- DIRECTIONS FOR THIS TASK -
All entries are to be copied exactly, with pictures removed.

━━━━━ DATA TO PROCESS ━━━━━

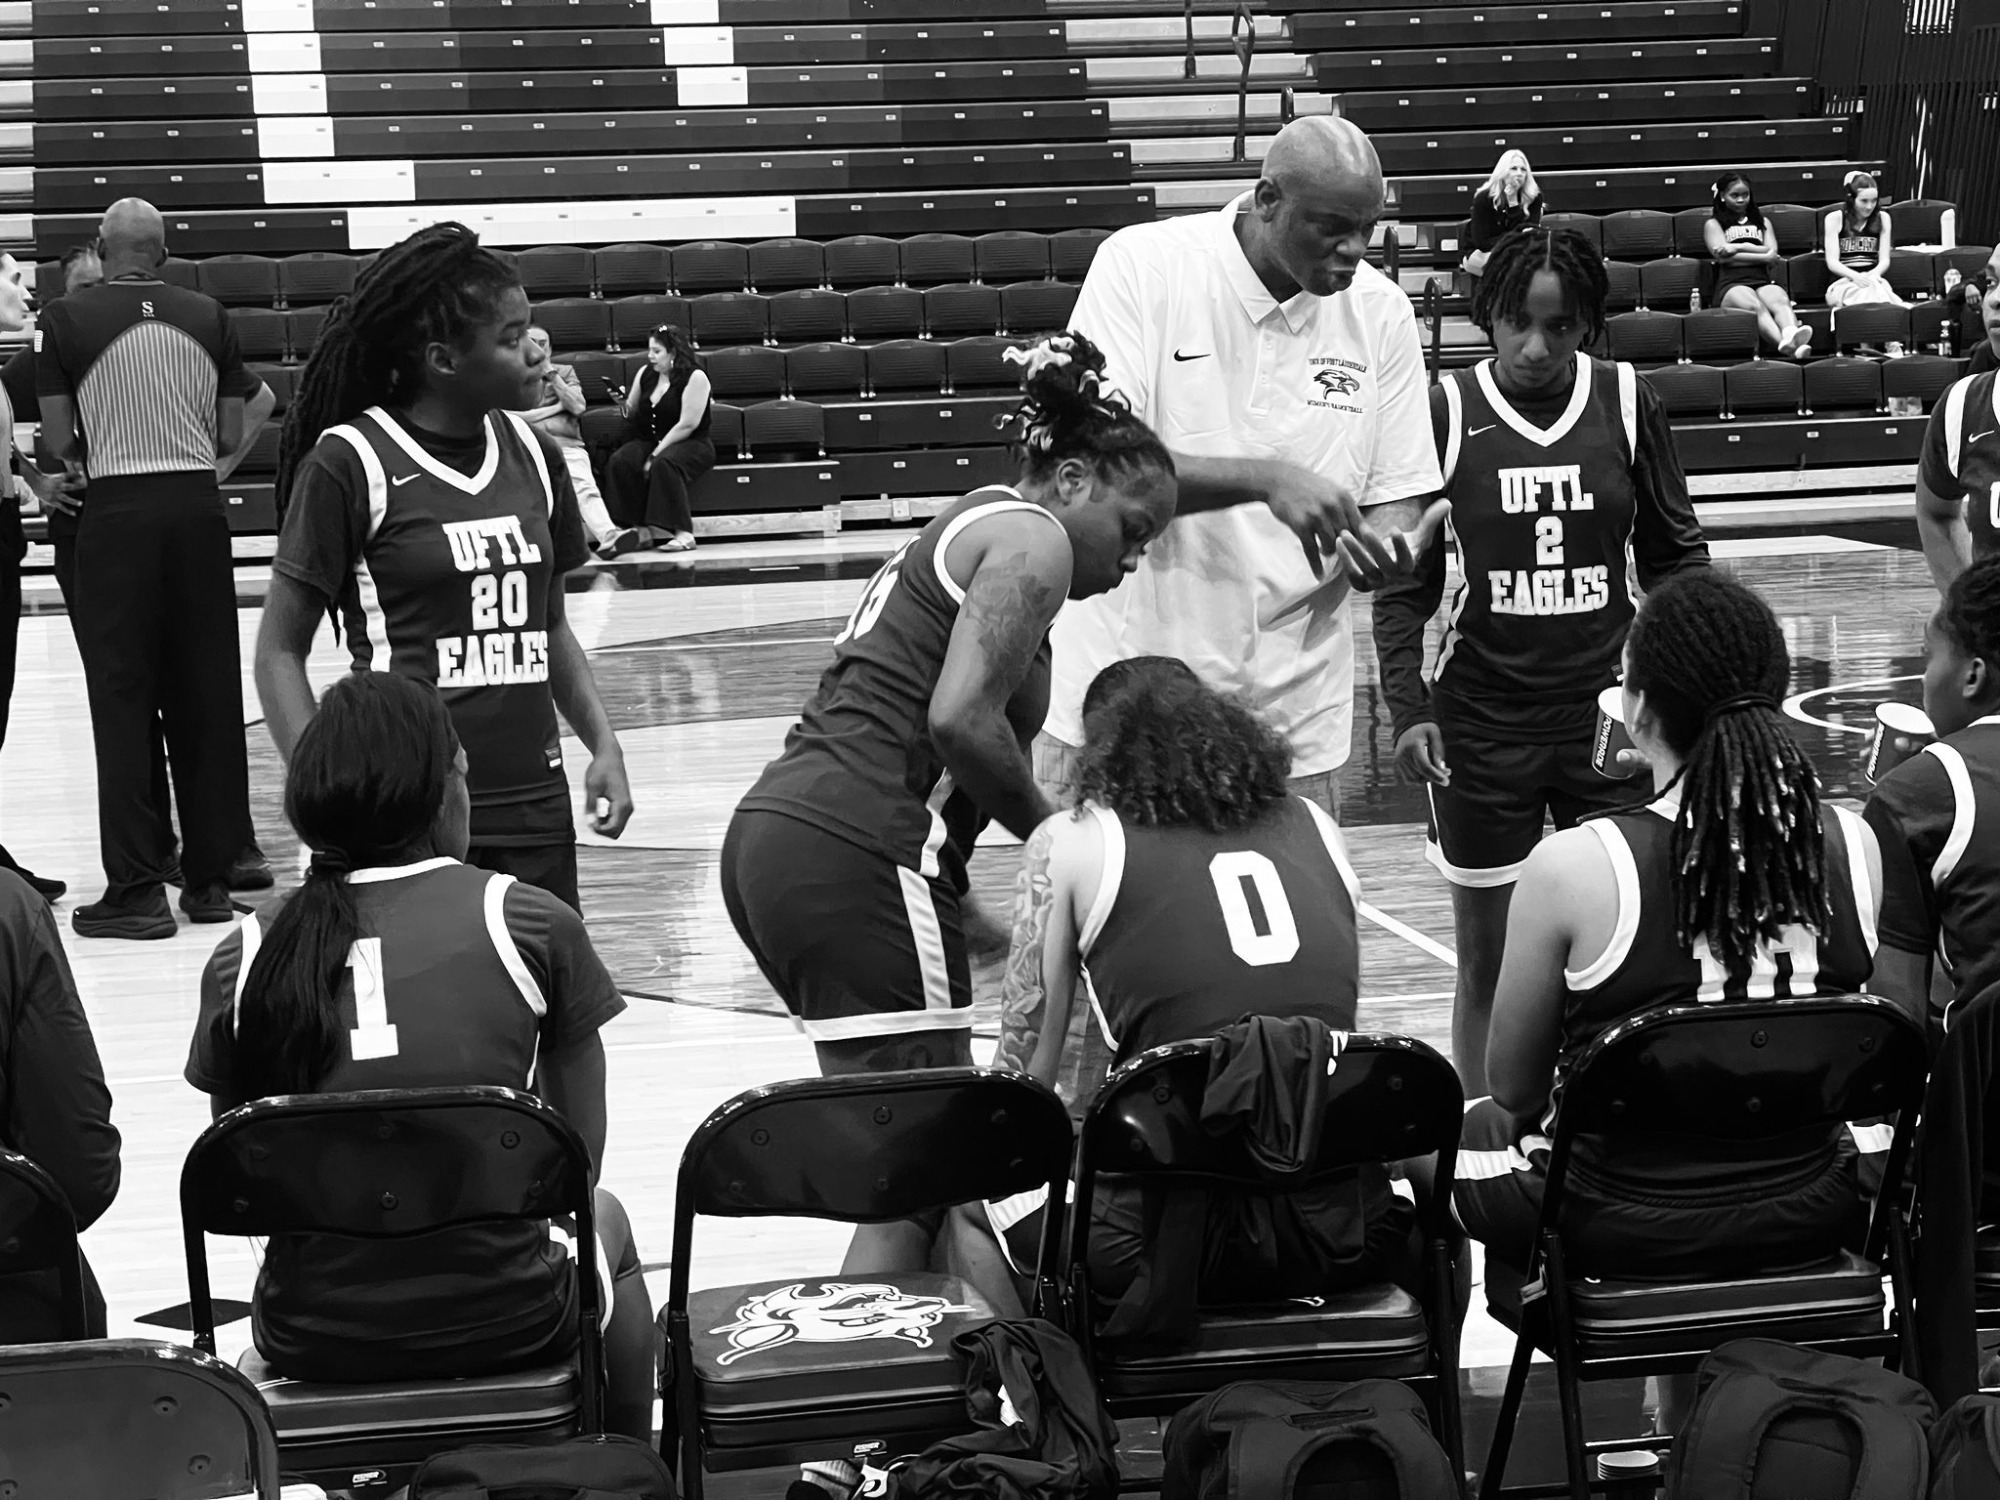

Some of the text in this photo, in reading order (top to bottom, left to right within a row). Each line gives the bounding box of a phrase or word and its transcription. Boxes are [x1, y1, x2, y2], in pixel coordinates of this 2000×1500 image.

[1498, 464, 1594, 514] UFTL
[441, 515, 542, 572] UFTL
[1535, 516, 1564, 566] 2
[471, 570, 528, 631] 20
[1488, 564, 1609, 616] EAGLES
[435, 630, 549, 688] EAGLES
[1595, 714, 1613, 768] POWERADE
[1208, 850, 1301, 967] 0
[345, 937, 399, 1061] 1

━━━━━

- WRITTEN REPLY -
Some of the text in this photo, in reading order (top to bottom, left to right within a row). Each line gives the bounding box of a phrase or word and its transcription. Boxes are [x1, y1, x2, y2], in pixel coordinates of this 2000×1500 image.

[1498, 464, 1594, 514] UFTL
[441, 515, 542, 572] UFTL
[1535, 516, 1564, 566] 2
[471, 570, 528, 631] 20
[1488, 564, 1609, 616] EAGLES
[435, 630, 549, 688] EAGLES
[1595, 714, 1613, 768] POWERADE
[1208, 850, 1301, 967] 0
[345, 937, 399, 1061] 1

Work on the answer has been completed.